Wheatley scholars win Siemens honors

Richard Tedesco

Wheatley School junior Arjun Kapoor junior has earned a place as a regional finalist in the national Siemens Competition in Science, Math and Technology, and Wheatley senior Aakesh Jhaveri has been named a semifinalist.

Siemens revealed the regional finalists and semifinalists in the annual competition on Oct. 18.

Kapoor said his project focused on solving problems in super computers, which he said typically contain hundreds of thousands or millions of processors.

“Super computers are very inefficient. They don’t address the latency,” Kapoor said, referring to delays in processing.

Kapoor collaborated on the project over the summer with Herricks High School sophomore Sahil Abbi and Connor Abbott, a student at the Hopkins School in New Haven, Conn. They worked on solving the problem at Stony Brook University under the direction of their mentor, Dr. Yuefan Deng.

Kapoor said processors in super computers need to communicate with each other and can fall into a “gridlock pattern.” So he and his fellow researchers worked at identifying an algorithm that would create an optimal arrangement of the processors. He said the team worked particularly hard over the summer and into the fall to come up with an algorithm that would increase super computing efficiency.

“We just stayed up nights,” Kapoor said. “We created an algorithm.”

He said Deng was doubtful about the students’ ability to tackle such a large problem, but he said their mentor was pleased with the outcome. Kapoor was also pleased to be named a regional semifinalist with his fellow researchers.

“I feel good. It was very exciting when we found out,” Kapoor said.

“I was honestly ecstatic,” Kapoor’s Herricks partner Abbi said. “I didn’t realize how much promise the research showed until Siemens recognized it.” 

Now they must compete against four other teams Nov. 15 and 16 in a regional competition at Carnegie Mellon Institute, preparing a power point presentation to defend the research paper they submitted to be selected as finalists. Success on the regional level would lead to the national finals competition in December in Washington, D.C.

Kapoor said the team is also looking into publishing a paper on their research.

Apart from his interest in computing and math, Kapoor is also an accomplished musician who plays oboe in the Wheatley Band and the Metropolitan Youth Orchestra. He also enjoys fencing.

Kapoor said he’s also the head of a local charity called Project Kidaoni that benefits a school in Tanzania. He and fellow Wheatley students conduct in-school fundraisers and also place collection boxes around the local community.

“We support the school infrastructurally as well as academically,” he said. 

Aakesh Jhaveri was recognized for his work on chronic kidney disease research over the past two years at the Feinstein Institute for Medical Research. He said the research focused on the impact of increased levels of gene variance causing chronic kidney disease in African Americans.

“They make up the majority of people with chronic kidney disease,” Kapoor said.

Jhaveri said he started working on the project with his mentors, Dr. Pravin Singhal and Dr. XiQian Lan. A 2010 research study had showed that gene variances could cause increased rates of kidney disease. Jhaveri’s research took the work one step further.

“It showed how the gene variance caused kidney disease,” he said. “That leads to new treatments, targeted therapies.”

He said the work was both rewarding and time-consuming. He said he and his mentors had to identify the pathway that enabled harmful proteins to enter kidney cells and kill them.

“It was definitely exciting,” Jhaveri said. “It was months and months of long lab hours of trial and error.”

He wrote the 18-page research paper required for the Siemens competition himself and has since sent a paper to the Journal of the American Society of Nephrology. It would be the second research paper he has had published.

He said his research has also been submitted for a grant from the National Institutes of Health.

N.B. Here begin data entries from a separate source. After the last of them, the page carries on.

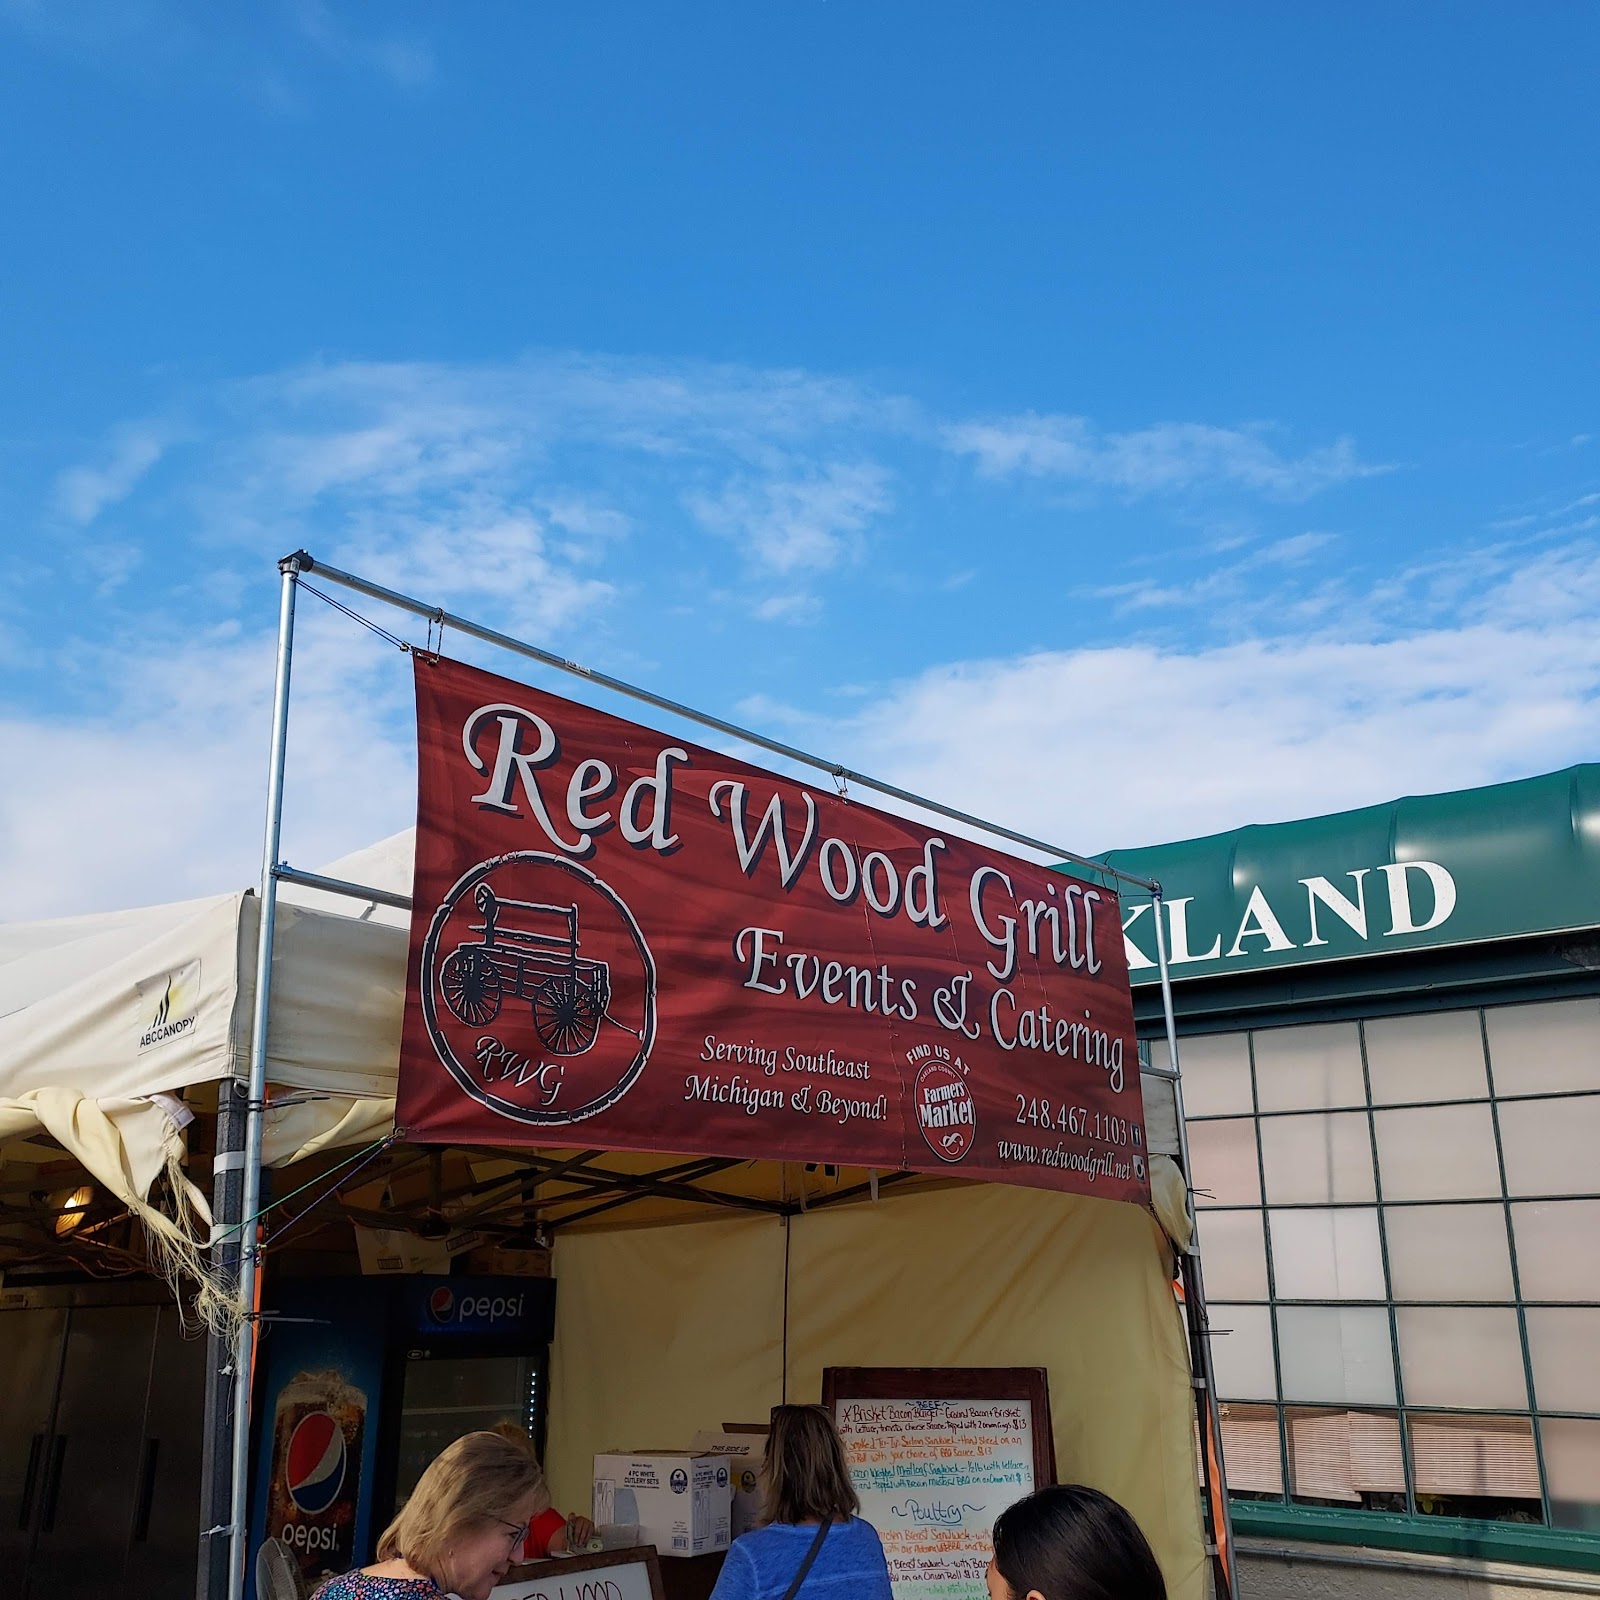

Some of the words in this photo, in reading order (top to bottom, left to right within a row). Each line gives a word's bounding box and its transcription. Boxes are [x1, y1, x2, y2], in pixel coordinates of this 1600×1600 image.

[462, 703, 690, 854] Red
[709, 779, 948, 929] Wood
[969, 866, 1103, 980] Grill
[736, 926, 919, 1021] Events
[932, 971, 981, 1040] &
[991, 988, 1125, 1093] Catering
[139, 1015, 196, 1048] ABCCANOPY
[475, 1035, 565, 1106] RWG
[700, 1034, 778, 1076] Serving
[781, 1046, 871, 1080] Southeast
[905, 1044, 931, 1065] FIND
[934, 1045, 951, 1060] US
[954, 1057, 971, 1076] AT
[920, 1065, 937, 1083] OAKLAND
[938, 1065, 956, 1080] COUNTY
[684, 1074, 785, 1115] Michigan
[790, 1084, 812, 1114] &
[816, 1089, 888, 1124] Beyond!
[919, 1098, 974, 1128] Market
[1015, 1093, 1127, 1147] 248.467.1103
[997, 1140, 1132, 1183] www.redwoodgrill.net
[459, 1293, 525, 1323] pepsi
[887, 1406, 913, 1420] Bacon
[916, 1401, 941, 1410] BEEF
[1013, 1418, 1027, 1431] $13
[976, 1446, 993, 1456] $13
[1012, 1436, 1022, 1446] an
[904, 1498, 962, 1524] Poultry
[281, 1522, 338, 1554] pepsi
[945, 1570, 962, 1580] Roll
[963, 1569, 980, 1580] $13

Last year, Jhaveri was a finalist in Intel’s International Science and Engineering Fair based on research on the correlation between hypoglycemia and HIV. HIV medications can cause hypoglycemia and his research established that hypoglycemia in turn aggravates HIV. 

Jhaveri said he plans to earn medical and doctorate degrees in biomedical research and is applying to Brown University for early acceptance.

Among his other interests, he is on the varsity golf team. He also plays bass in the Wheatley Orchestra and said he finds a relationship between playing music and doing scientific research.

“When you look at a musical piece, you have to dissect it to figure out how to play it. The same is true of research,” Jhaveri said.

Wheatley science teacher Thomas Van Bell said both students are skilled as researchers and as presenters of their research.

“They’re amazing. They’re very dynamic people,” Van Bell said.